We have all the core operations at this point, but usually programming languages don’t ask you to implement basic math, numbers, and printing yourself, so we’ll provide that from JavaScript via some globals in the evaluator.

Just a few simple imports.

const Scope = require("./scope");
const U = require("./util");
const E = require("./evaluate");

The basic boolean constants we expect to see in any language.

const TRUE = { type: "True" };
const FALSE = { type: "False" };

Numbers are pretty basic too.

function NUMBER(value) {
  return { type: "Number", value };
}

You might notice a pattern at this point: “basic” values are usually represented in an evaluator as a type field and a value field if necessary.

This printing function isn’t a whole lot of fun, so just check out util.js yourself if you want to.

function print(stack, scope, x) {
  console.log(U.showSexp(x));
  return x;
}

We just need to reach inside the wrapped numbers and then re-wrap them, reusing JavaScript’s operators to accomplish the basic math.
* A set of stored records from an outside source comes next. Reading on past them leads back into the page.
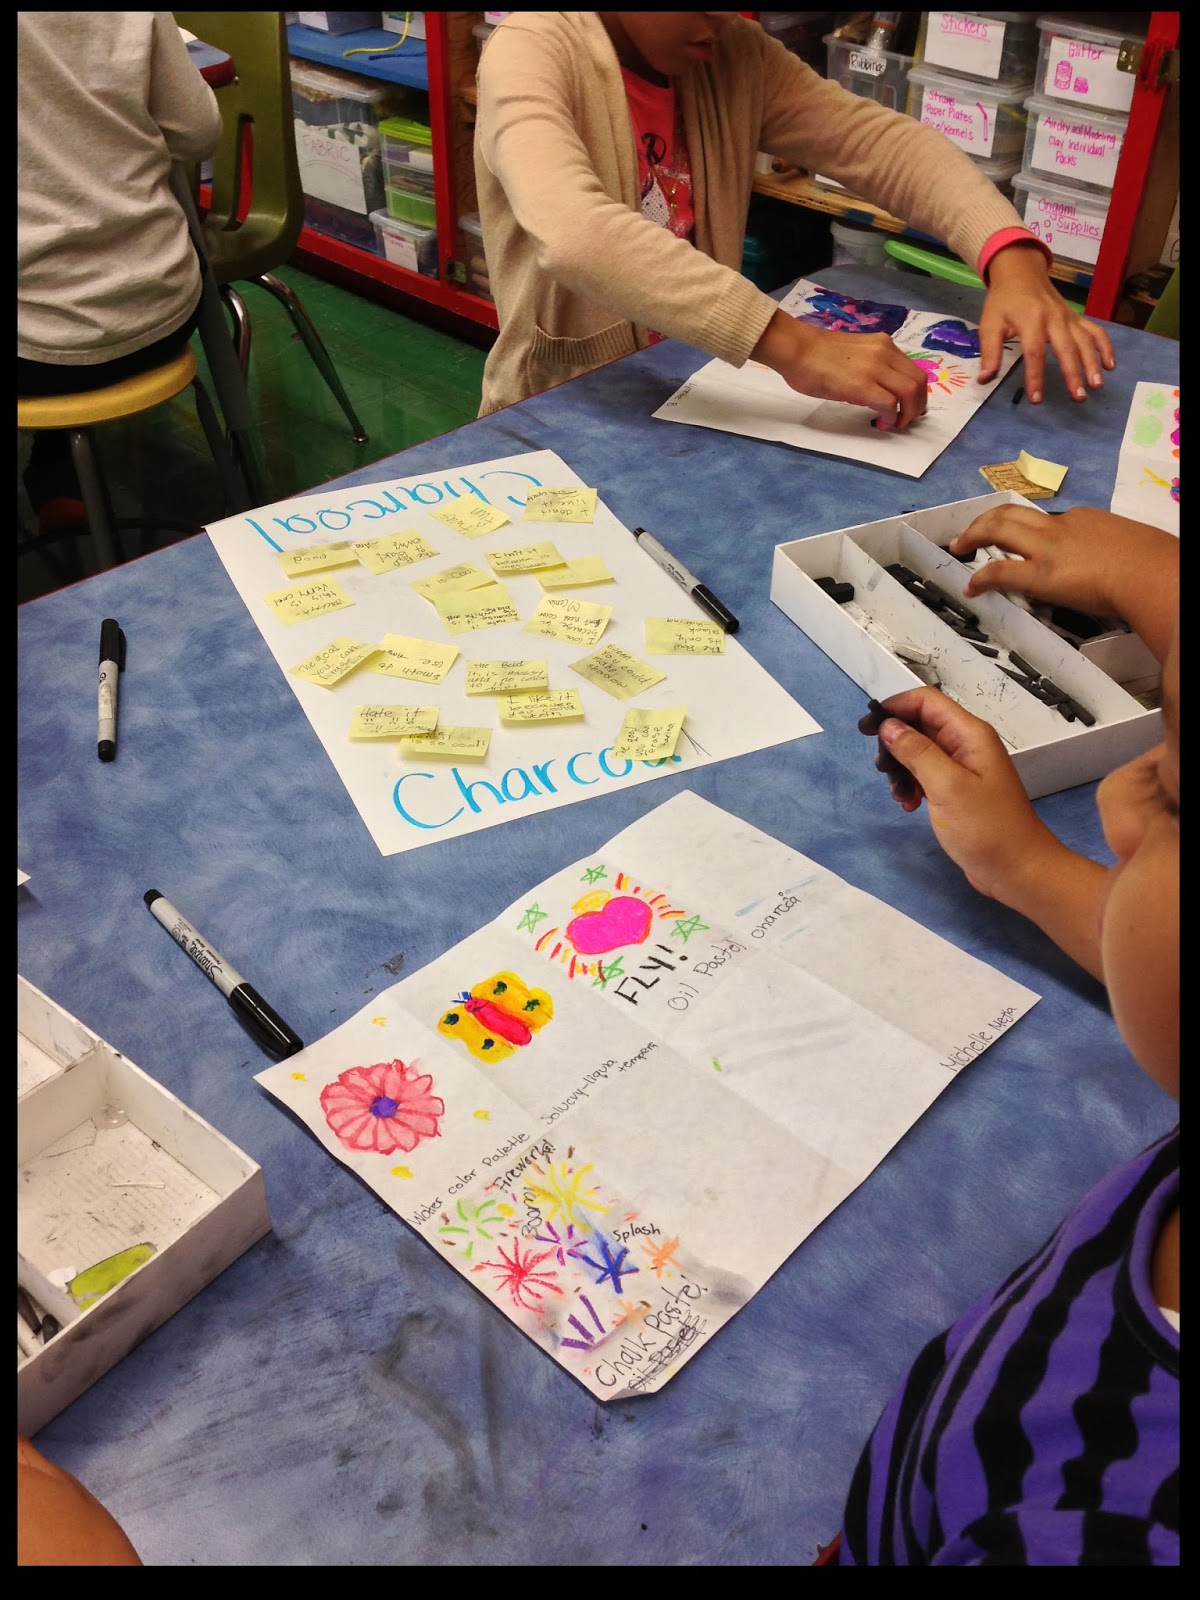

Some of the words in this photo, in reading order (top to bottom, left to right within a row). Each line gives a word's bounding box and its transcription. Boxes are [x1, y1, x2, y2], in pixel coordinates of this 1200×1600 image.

[942, 14, 988, 38] Stickers
[1069, 42, 1104, 60] Glitter
[948, 106, 973, 124] Plates
[303, 134, 351, 162] FABRIC
[1049, 135, 1064, 149] Clay
[1069, 139, 1105, 157] Individual
[1056, 151, 1076, 166] Packs
[1038, 198, 1075, 219] Origami
[1057, 219, 1099, 237] Supplies
[245, 470, 543, 552] Charcoal
[311, 591, 336, 601] this
[559, 622, 598, 636] because
[565, 635, 583, 644] love
[675, 634, 702, 644] only
[298, 661, 317, 673] The
[316, 644, 341, 664] good
[340, 645, 359, 659] can
[702, 646, 723, 654] The
[621, 665, 652, 684] could
[507, 694, 519, 704] I
[558, 692, 574, 701] it
[360, 708, 393, 717] Hate
[405, 707, 425, 717] it
[648, 726, 663, 754] erase
[392, 746, 682, 829] Charco
[614, 944, 688, 1006] FLY!
[667, 982, 700, 1011] Oil
[693, 938, 748, 977] Pastel
[618, 1041, 659, 1073] tempera
[939, 1031, 993, 1073] Michelle
[408, 1197, 443, 1227] Water
[448, 1170, 477, 1196] color
[595, 1332, 656, 1387] Chalk
function add(stack, scope, a, b) {
  return NUMBER(a.value + b.value);
}

function subtract(stack, scope, a, b) {
  return NUMBER(a.value - b.value);
}

function multiply(stack, scope, a, b) {
  return NUMBER(a.value * b.value);
}

function lessThan(stack, scope, a, b) {
  return a.value < b.value ? TRUE : FALSE;
}

Ideally these math functions should add to the stack also, but it’s not strictly necessary for the evaluator to work. It just would make a stack trace nicer if the program crashed.

eval is just using the EVAL function we built-up earlier! We’re just exposing it for the code to use.

function evaluate(stack, scope, sexp) {
  return E.EVAL(stack, scope, sexp);
}

Now we make the actual top level scope the evaluator will user later.

const api = {
  print,
  "+": add,
  "-": subtract,
  "*": multiply,
  "<": lessThan,
  eval: evaluate,
};

Object.keys(api).forEach((k) => {
  api[k] = { type: "JSFunction", f: api[k] };
});

const globals = Scope.create(Scope.Empty, api);

exports.globals = globals;

Wrapping up

This covers basically everything about the Duckweed language and evaluator. Check out the repo for the full code. Once you understand that, check out my other language Hibiscus for a (slightly larger) example of a small JS-like language.